The green thumb of the left hand of environmentalism is soaked with crimson this week, as a British taxpayer-supported group's attempt to bring attention to their upcoming advertising campaign got a little more attention than they bargained for. Against all reason, they packaged their appeal to conservation within a despicable gorefest launched with a preview in the UK-based Guardian newspaper, whose readers were given the first look at this "edgy" ecology lesson last Thursday, reminding us all that we can't expect to make omelettes without first breaking a few eggs:
[W]hy take such a risk of upsetting or alienating people, I ask [director Franny Armstrong]: "Because we have got about four years to stabilise global emissions and we are not anywhere near doing that. All our lives are at threat and if that's not worth jumping up and down about, I don't know what is."Two reactions. One, it's yet another example of how the well-intentioned animists who can successfully see the spark of the divine Creator in slugs and bugs, seem to have exhausted that insight by the time they get around to seeing their fellow human beings.
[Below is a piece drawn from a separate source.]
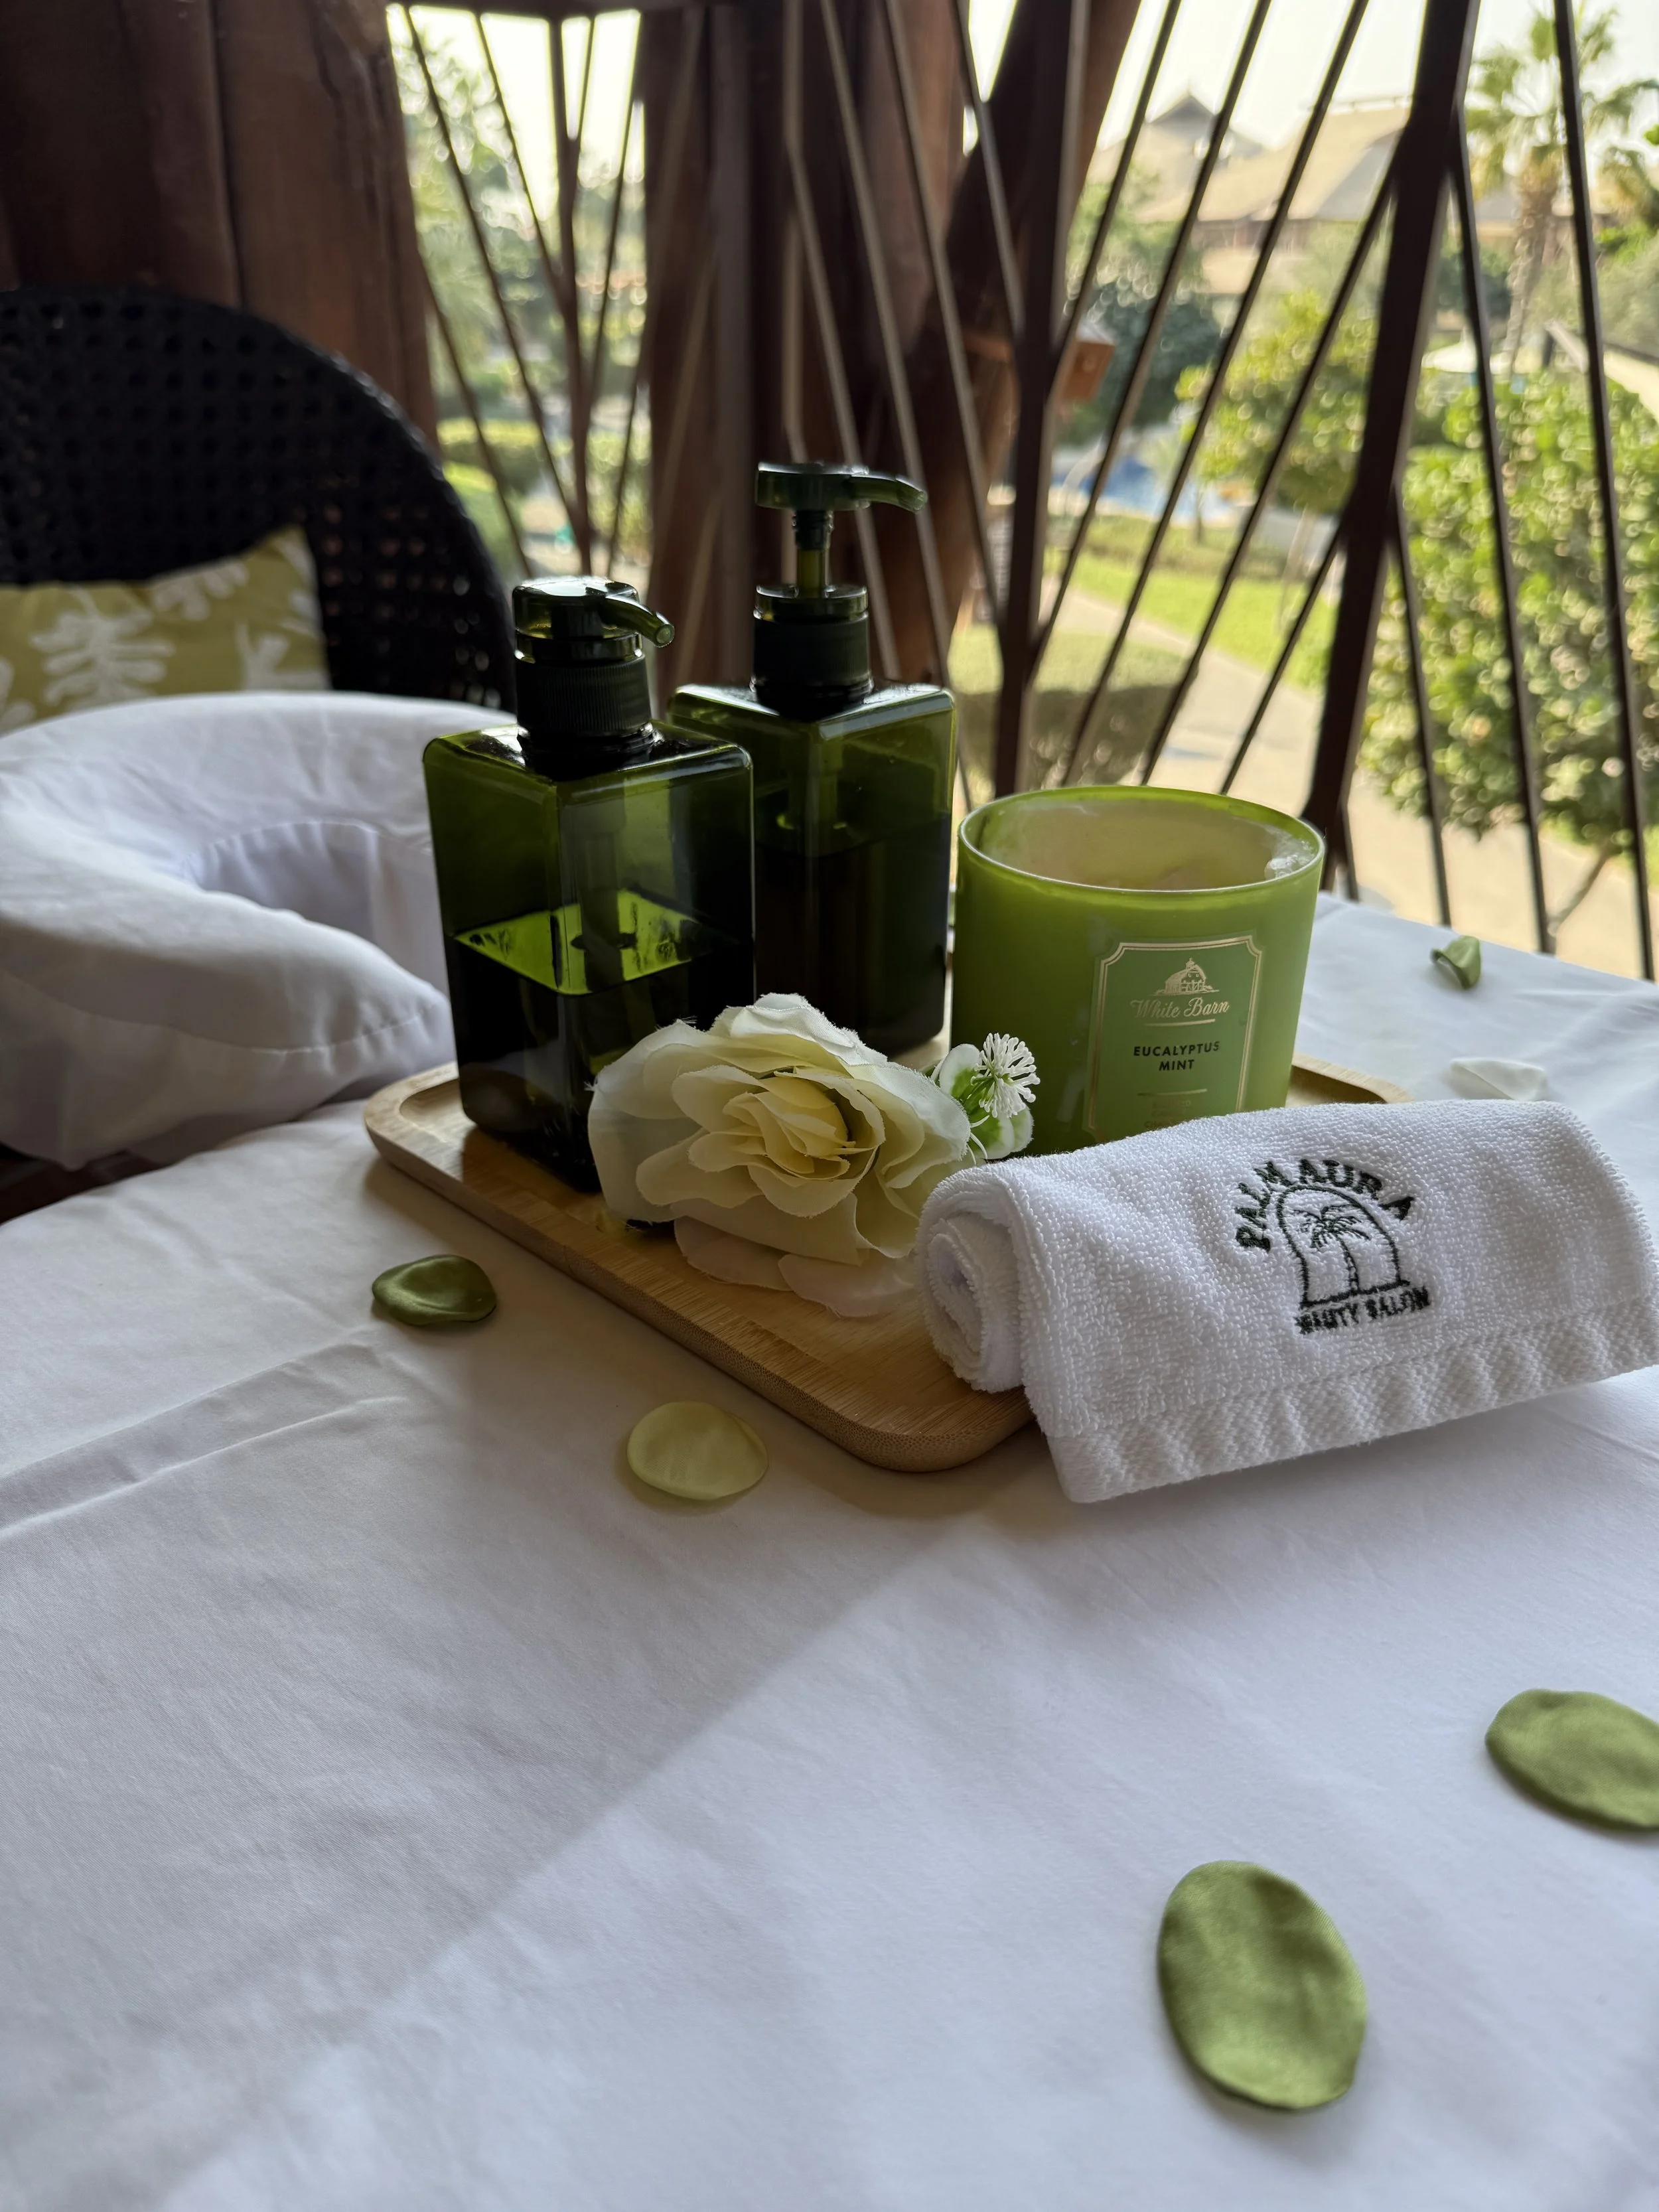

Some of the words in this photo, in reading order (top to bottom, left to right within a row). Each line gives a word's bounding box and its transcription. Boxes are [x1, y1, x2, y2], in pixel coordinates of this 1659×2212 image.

No wonder we can be treated as just so much collateral damage, our tilling is merely part of the toil that goes into preparing the soil of any field for planting, a necessary evil familiar to every hopeful gardener.
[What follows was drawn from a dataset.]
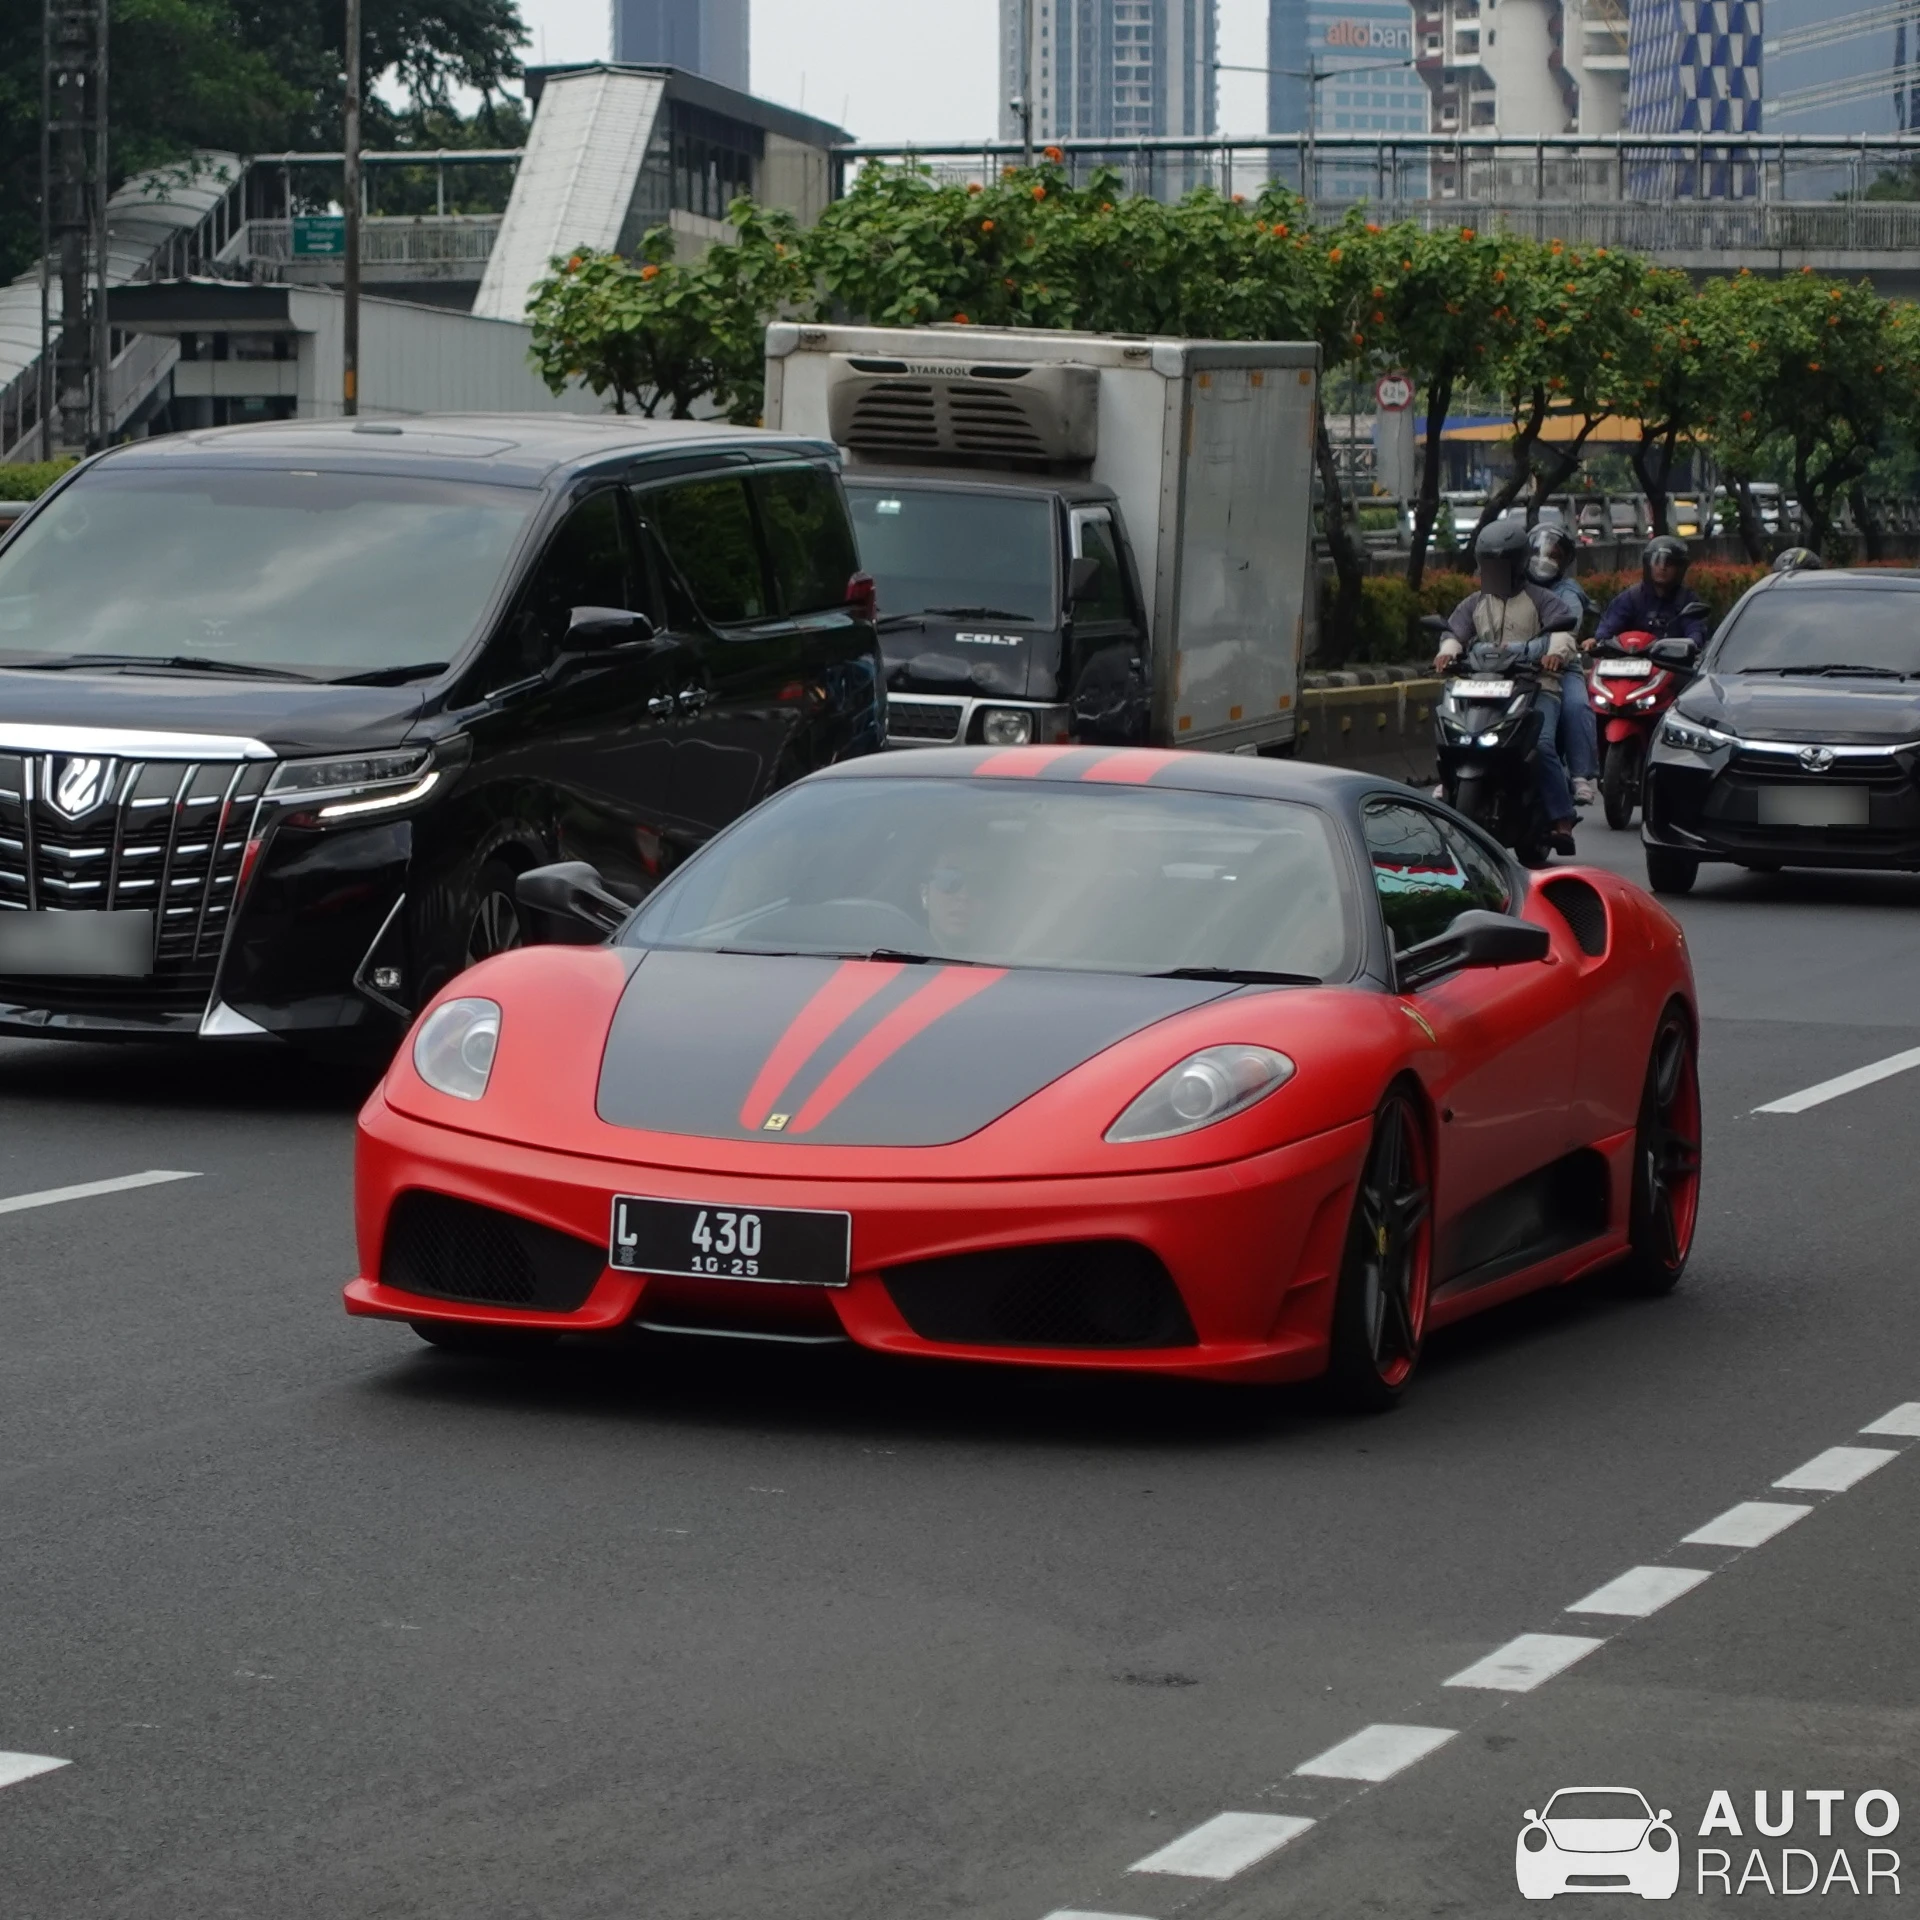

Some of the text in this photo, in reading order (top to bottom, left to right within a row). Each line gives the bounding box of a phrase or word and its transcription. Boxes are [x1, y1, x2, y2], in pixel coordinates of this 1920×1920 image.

[909, 365, 968, 376] STARKOOL
[955, 632, 1024, 646] COLT
[617, 1203, 762, 1256] L 430
"We 'killed' five people to make No Pressure – a mere blip compared to the 300,000 real people who now die each year from climate change," she adds.
Jamie Glover, the child-actor who plays the part of Philip and gets blown up, has similarly few qualms: "I was very happy to get blown up to save the world."
Two: is this film really aimed at the increasing number of blaspheming skeptics no longer holding their iron-clad faith in the man-made religion of man-made global warming? My sense is that it's real target audience are the fellow travelers who might be straying from the party line. Tithing must be in serious decline for No Pressure to warrant shot after shot of terrified blood-stained survivors of each explosive purge. Death comes quickly, after all, to the characters in the vignettes who disagree; the terror is reserved for those left behind, haunted by the shocking price to be paid for free will. Beyond the purported conservationist message of the film, isn't it also whispering:
"When you join this club, you never leave."
No pressure, because there's no real freedom to choose in the first place.
The artful photography, the studied realism of the special effects, the impressive acting (is there anything harder to pull off than acting natural..?), all this and more reveal how much thought, labor, and talent must have gone into the creation of this monstrosity. There was just one thing missing: moral judgment. An admission agreed to by the sponsors of the film, who upon seeing it were reported to be "absolutely appalled" at the result of their good faith. Thankfully, the backers have come to their senses, so that the film will no longer be distributed to UK theaters, as originally planned. (!)
"Many people found the resulting film extremely funny", the filmmakers contend in their eventual apology. This is absolutely true, as we may read, with mounting horror, as the initial article in the Guardian fills with reader comments rising to the defense of the indefensible, revealing all the more clearly how far Great Britain has fallen in our lifetime. Where once there were giants like William Wilberforce, capable of seeking justice for people and animals both, now there remains caricatures of his shadow, willing to see people as animals, ready for herding... and culling.
The sickest joke seems to have turned out to be in the apology:
At 10:10 we're all about trying new and creative ways of getting people to take action on climate change. Unfortunately in this instance we missed the mark. Oh well, we live and learn."Live and learn"... a priviledge not extended to the heretical characters of their macabre video.